They said the dogs that were once in the back dog run are now missing and they will not tell police where the dogs are, so the police can not do further testing.

Please add to this if you saw the story.


----------



## ProudBFan (Apr 29, 2003)

Didn't hear the report.

Wouldn't surprise me, though.

PBF


----------



## handclap problematic (Nov 6, 2003)

This is pretty bad news.
I think we should hold a predictions game on who is involved and the winner gets tickets or something.....well at least some tickets to the trials. I say Zach and Darius just so it really ruins our future. What do we do if a couple members of our core are also involved? What if they just watched but didn't participate? I know that is a crime probably also, but are there different penalties for that as far as our organization is concerned? This is something that could hang over this team for quite some time. Where is Mixum with some gloom and doom predictions? I want to hear them. Let's hope that more information is not found.
Prunetang


----------



## ProudBFan (Apr 29, 2003)

> Originally posted by <b>Prunetang</b>!
> This is pretty bad news.
> I think we should hold a predictions game on who is involved and the winner gets tickets or something.....well at least some tickets to the trials. I say Zach and Darius just so it really ruins our future. What do we do if a couple members of our core are also involved? What if they just watched but didn't participate? I know that is a crime probably also, but are there different penalties for that as far as our organization is concerned? This is something that could hang over this team for quite some time. Where is Mixum with some gloom and doom predictions? I want to hear them. Let's hope that more information is not found.
> Prunetang


Nah, let's hope they find all there is to find, but that they find it quickly so they can either proceed with charges or drop the case... and we can all get back to basketball... hopefully for good.

PBF


----------



## trifecta (Oct 10, 2002)

#26. The Blazer players shall attend illegal dog fights to show community involvement.


----------



## B_&_B (Feb 19, 2004)

I think I remember someone posted (in the Q.Woods thread about this) that watching dog fights is not a crime. I hope thats true... but either way, this doesnt look good. I hope some details are released soon.


----------



## ProudBFan (Apr 29, 2003)

> Originally posted by <b>trifecta</b>!
> #26. The Blazer players shall attend illegal dog fights to show community involvement.


HILARIOUS, trifecta!

:rofl:

PBF


----------



## ProudBFan (Apr 29, 2003)

Here's the link to the story.

They're just asking for anyone with knowledge of other Blazers participating to contact the investigators. The story doesn't say whether they suspect it, but I gotta think that they wouldn't ask the public for info about it if they didn't suspect something.

PBF


----------



## Scout226 (Sep 17, 2003)

> PORTLAND, Ore. - KATU News has learned that detectives want to know if any Portland *Train* Blazer players, including Qyntel Woods, have attended illegal dog fights.

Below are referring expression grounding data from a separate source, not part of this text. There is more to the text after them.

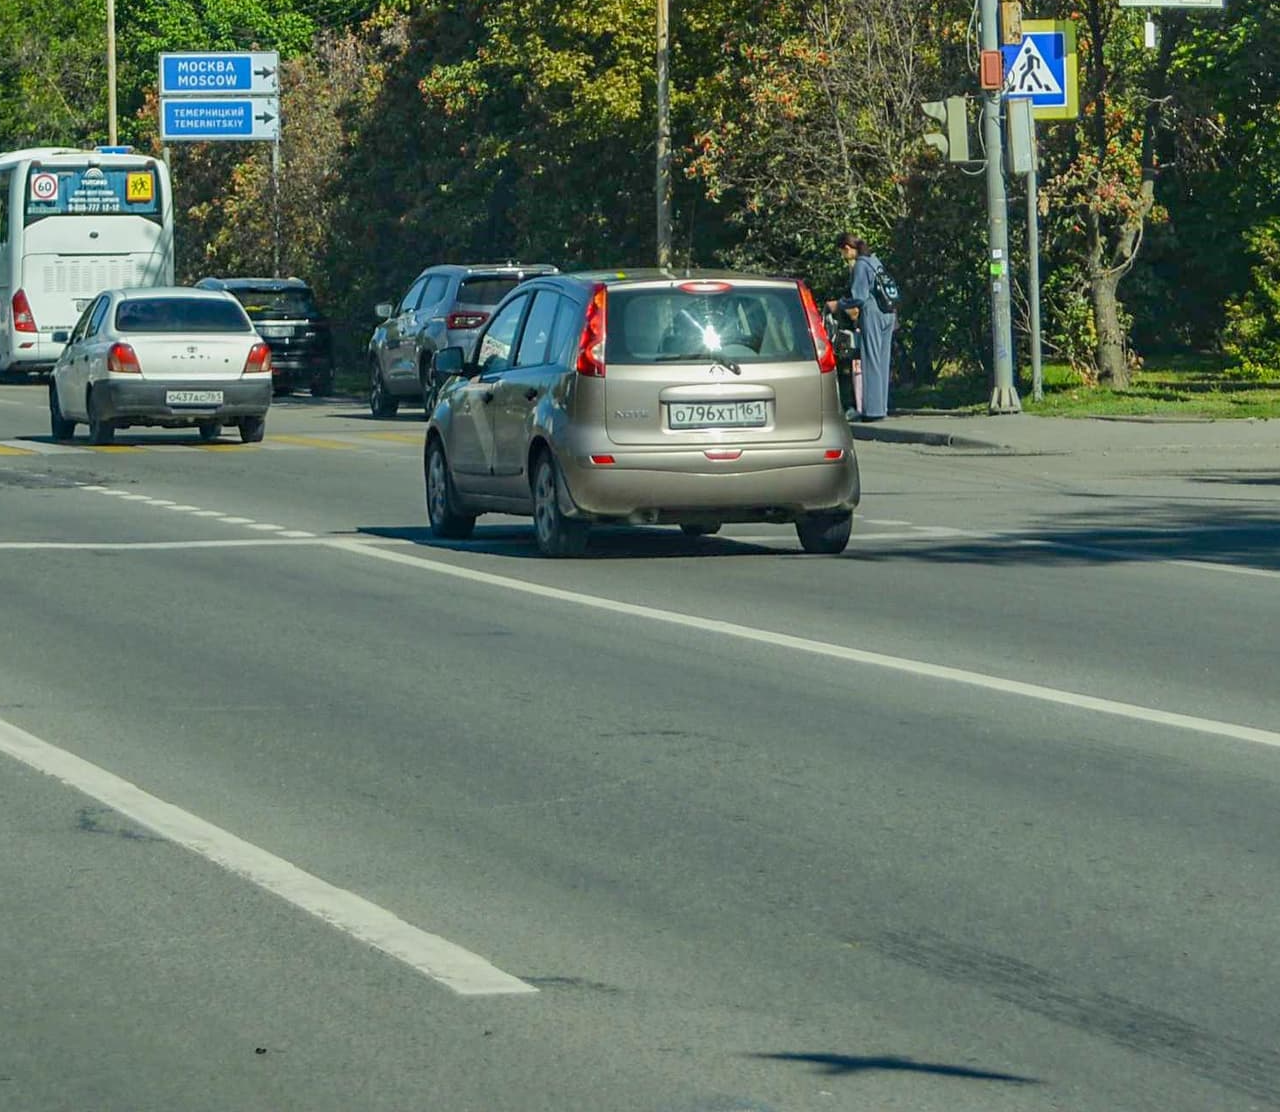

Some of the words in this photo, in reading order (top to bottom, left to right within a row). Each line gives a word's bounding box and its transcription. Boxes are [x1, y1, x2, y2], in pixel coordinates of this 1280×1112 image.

[178, 61, 235, 73] МОСКВА
[178, 74, 238, 87] MOSCOW
[173, 106, 245, 117] ТЕМЕРНИЦКИЙ
[174, 119, 244, 129] TEMERNITSKIY
[38, 181, 53, 192] 60
[738, 403, 763, 416] 161

I wasn't aware of the team name change. Is that so "Jail Blazers" will not ryme with Train Blazers? :rofl:


----------



## CelticPagan (Aug 23, 2004)

WHO CARES!!! They fought dogs, get over it!! How many guys on this board support actual humans going to war to kill eachother...does that make you too repugnant to be on this board?

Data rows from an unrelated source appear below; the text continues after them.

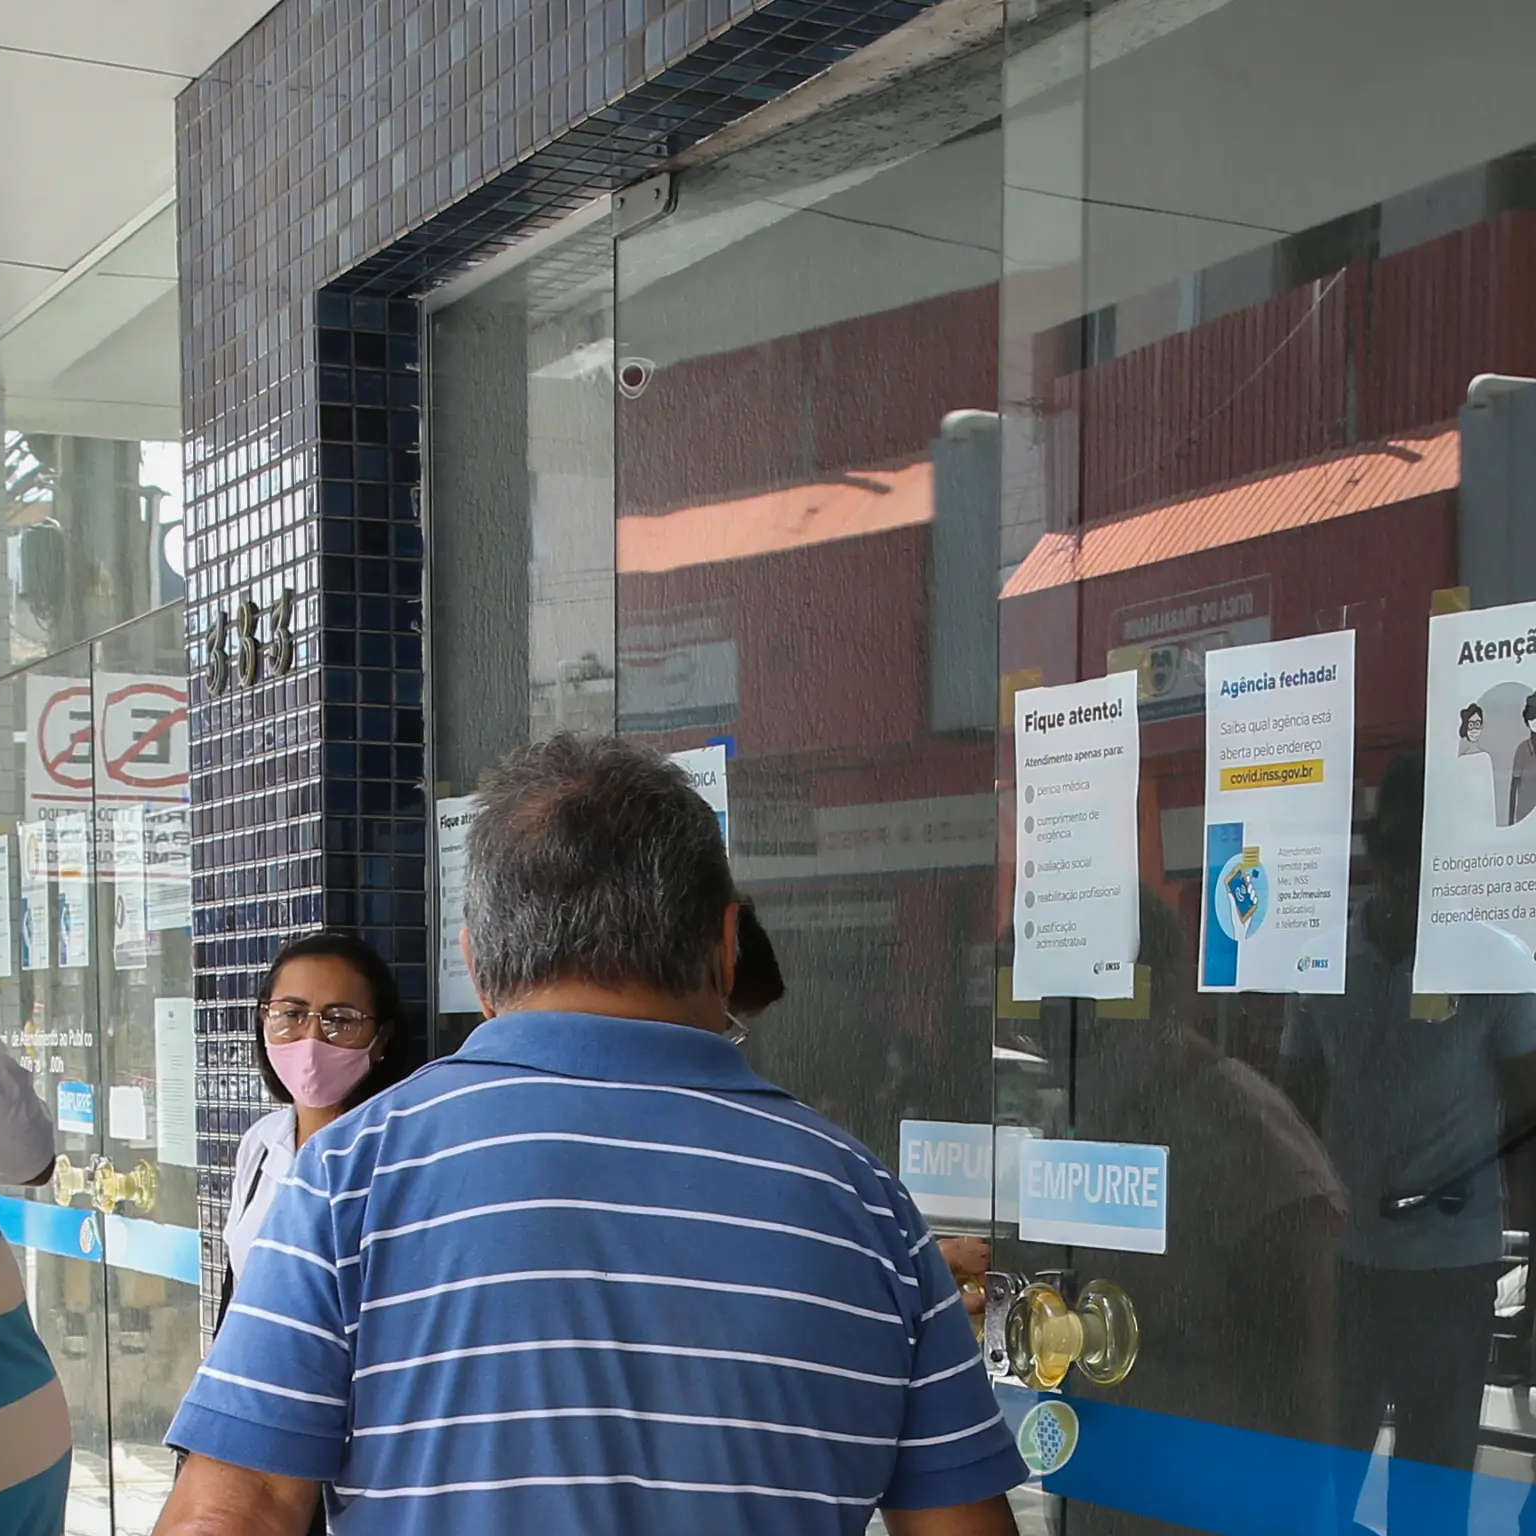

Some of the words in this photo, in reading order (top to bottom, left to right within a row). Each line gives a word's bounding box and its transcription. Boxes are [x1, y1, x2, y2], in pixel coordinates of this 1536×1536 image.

[1220, 672, 1276, 698] Agência
[1279, 664, 1337, 688] fechada!
[1024, 710, 1065, 735] Fique
[1069, 698, 1123, 726] atento!
[1220, 721, 1246, 736] Saiba
[1248, 715, 1270, 735] qual
[1272, 712, 1309, 732] agência
[1311, 709, 1332, 724] está
[1025, 753, 1072, 768] Atendimento
[1074, 749, 1102, 762] apenas
[1220, 747, 1252, 761] aberta
[1254, 743, 1275, 762] pelo
[1277, 738, 1322, 755] endereço
[1230, 764, 1313, 785] covid.inss.gov.br
[1432, 855, 1440, 872] É
[1442, 853, 1504, 873] obrigatório
[1506, 855, 1514, 866] o
[1516, 852, 1536, 865] uso
[1431, 883, 1485, 897] máscaras
[1486, 880, 1512, 897] para
[1309, 918, 1320, 928] 135
[1431, 906, 1510, 926] dependências
[1512, 904, 1527, 919] da
[1311, 959, 1329, 969] INSS
[906, 1139, 993, 1180] EMPU
[1027, 1160, 1160, 1208] EMPURRE
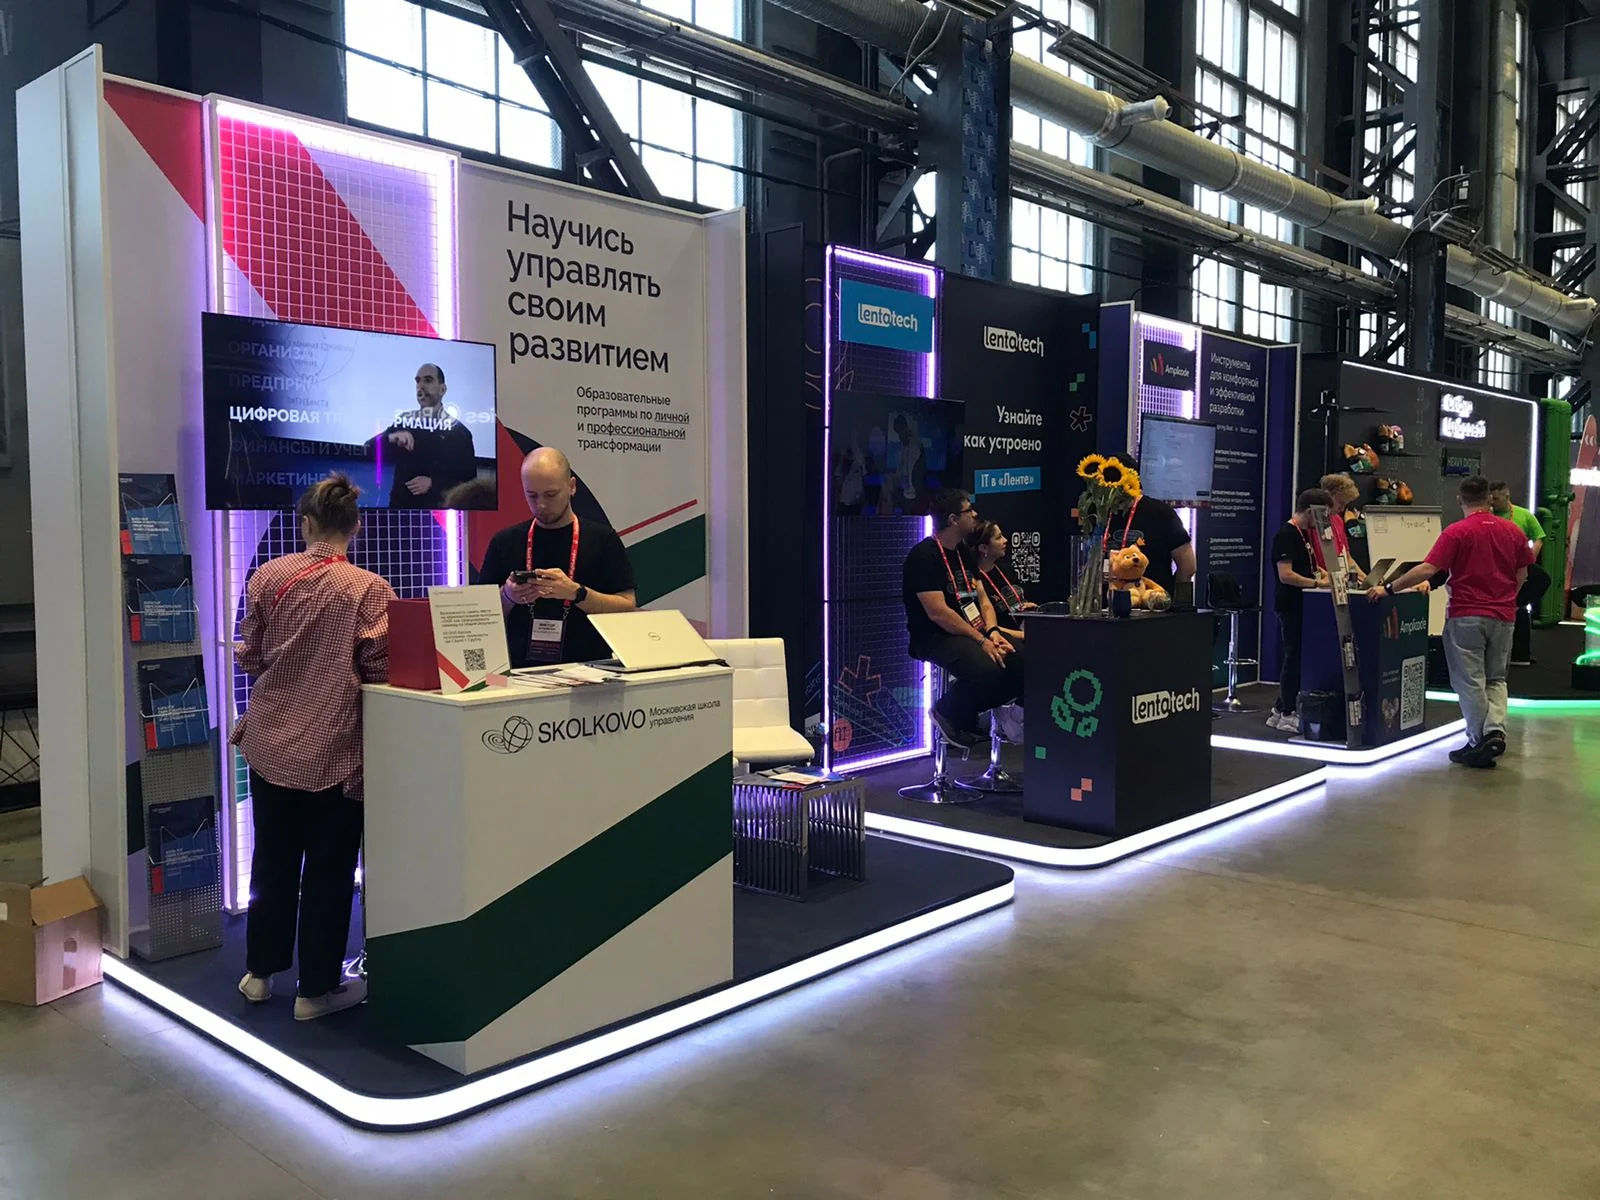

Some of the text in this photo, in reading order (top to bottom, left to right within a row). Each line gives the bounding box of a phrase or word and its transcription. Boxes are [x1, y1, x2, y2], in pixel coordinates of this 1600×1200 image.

[507, 200, 634, 255] Научись
[507, 249, 661, 298] управлять
[507, 291, 606, 327] своим
[510, 331, 669, 373] развитием
[1210, 351, 1252, 371] Инструменты
[1223, 373, 1259, 388] комфортной
[576, 386, 671, 406] Образовательные
[1215, 386, 1256, 402] эффективной
[229, 405, 320, 423] ЦИФРОВАЯ
[577, 405, 690, 424] программы по личной
[996, 405, 1043, 426] Узнайте
[1209, 403, 1245, 416] разработки
[577, 421, 686, 440] и профессиональной
[231, 438, 316, 456] ФИНАНСЫ
[319, 442, 330, 456] И
[577, 438, 661, 453] трансформации
[964, 434, 1042, 455] как устроено
[980, 473, 989, 488] IT
[991, 476, 997, 487] в
[649, 698, 721, 718] Московская школа
[538, 708, 646, 744] SKOLKOVO
[649, 712, 695, 729] управления

Do we want 12 little Jesus' on the Blazers?


----------



## Reep (Jun 4, 2003)

> Originally posted by <b>CelticPagan</b>!
> WHO CARES!!! They fought dogs, get over it!! How many guys on this board support actual humans going to war to kill eachother...does that make you too repugnant to be on this board?

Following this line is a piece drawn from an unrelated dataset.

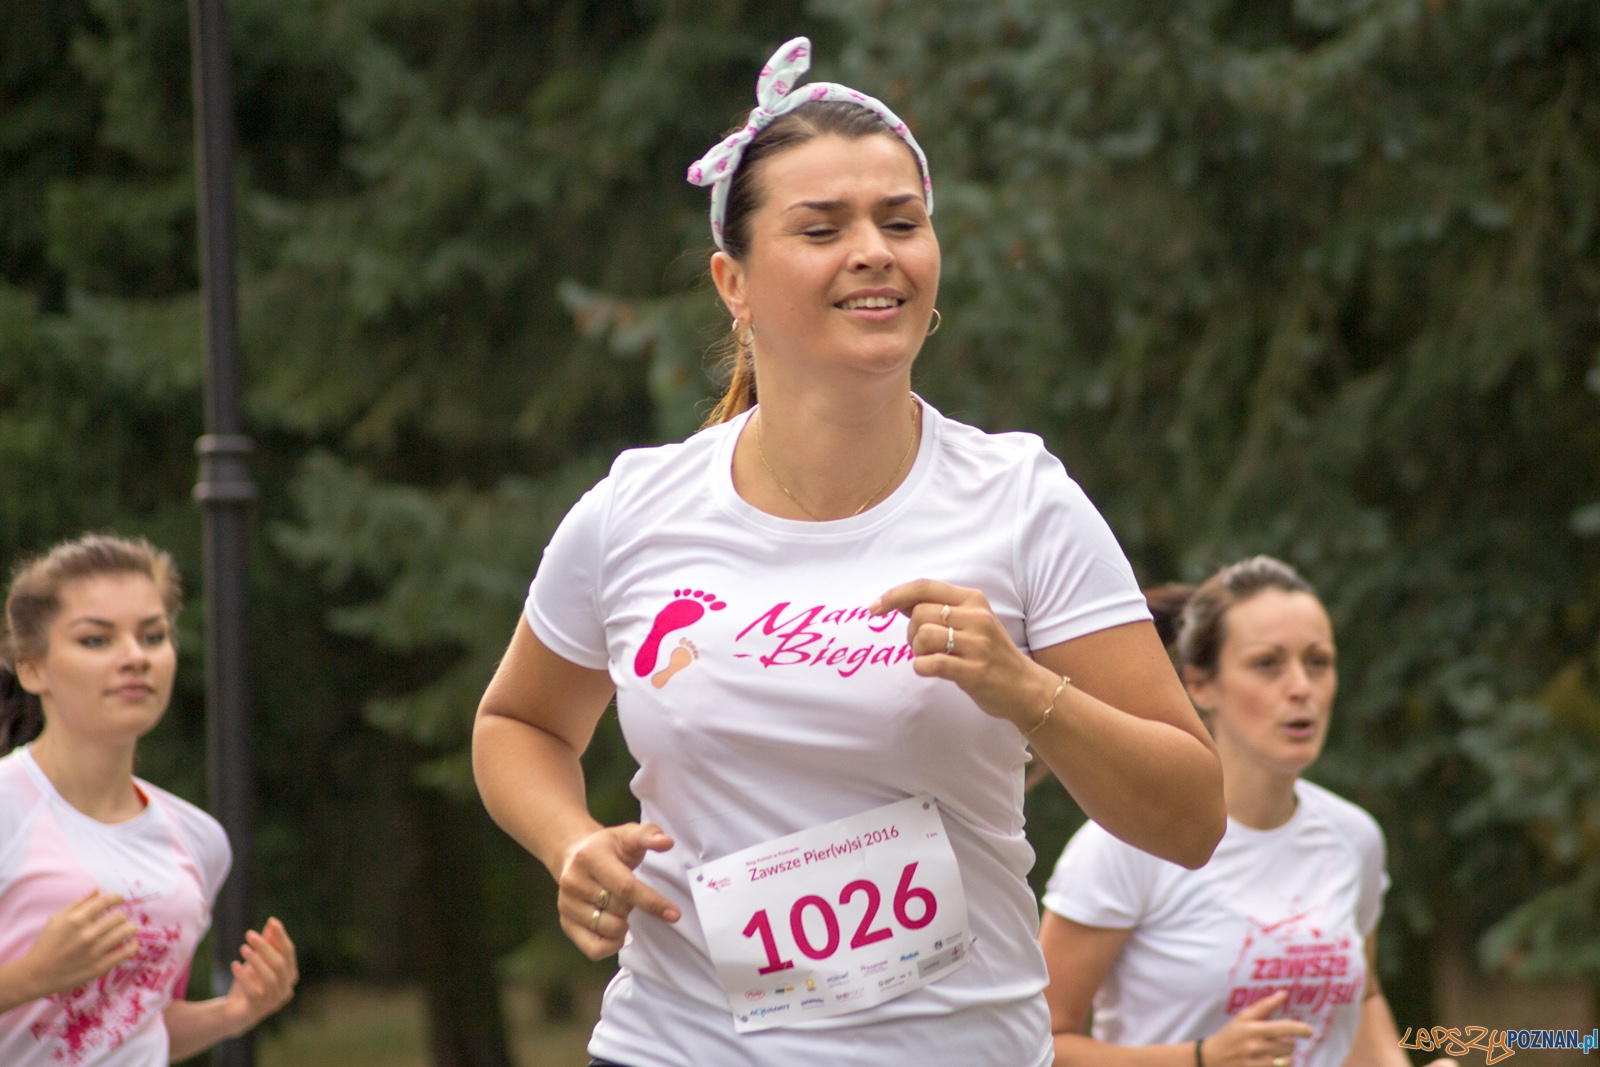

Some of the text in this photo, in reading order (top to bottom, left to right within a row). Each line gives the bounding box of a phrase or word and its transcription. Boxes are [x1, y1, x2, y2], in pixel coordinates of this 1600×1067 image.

[748, 824, 899, 882] Zawsze Pier(w)si 2016
[742, 861, 938, 977] 1026
[1252, 955, 1349, 981] zawsze

Hmmm. Dogs ripping each other apart for no purpose other than gross fascination of those watching compared to brave armed forces personnel fighting for the freedom of others, some of whom are under the danger of being extinguished by a sociopathic dictator. Yeah, that's pretty much apples and apples. 



> Do we want 12 little Jesus' on the Blazers?


Don't knock it until you've seen it. One Jesus did some pretty amazing things. What could twelve do?


----------



## Playmaker0017 (Feb 13, 2004)

> Originally posted by <b>Reep</b>!
> Don't knock it until you've seen it. One Jesus did some pretty amazing things. What could twelve do?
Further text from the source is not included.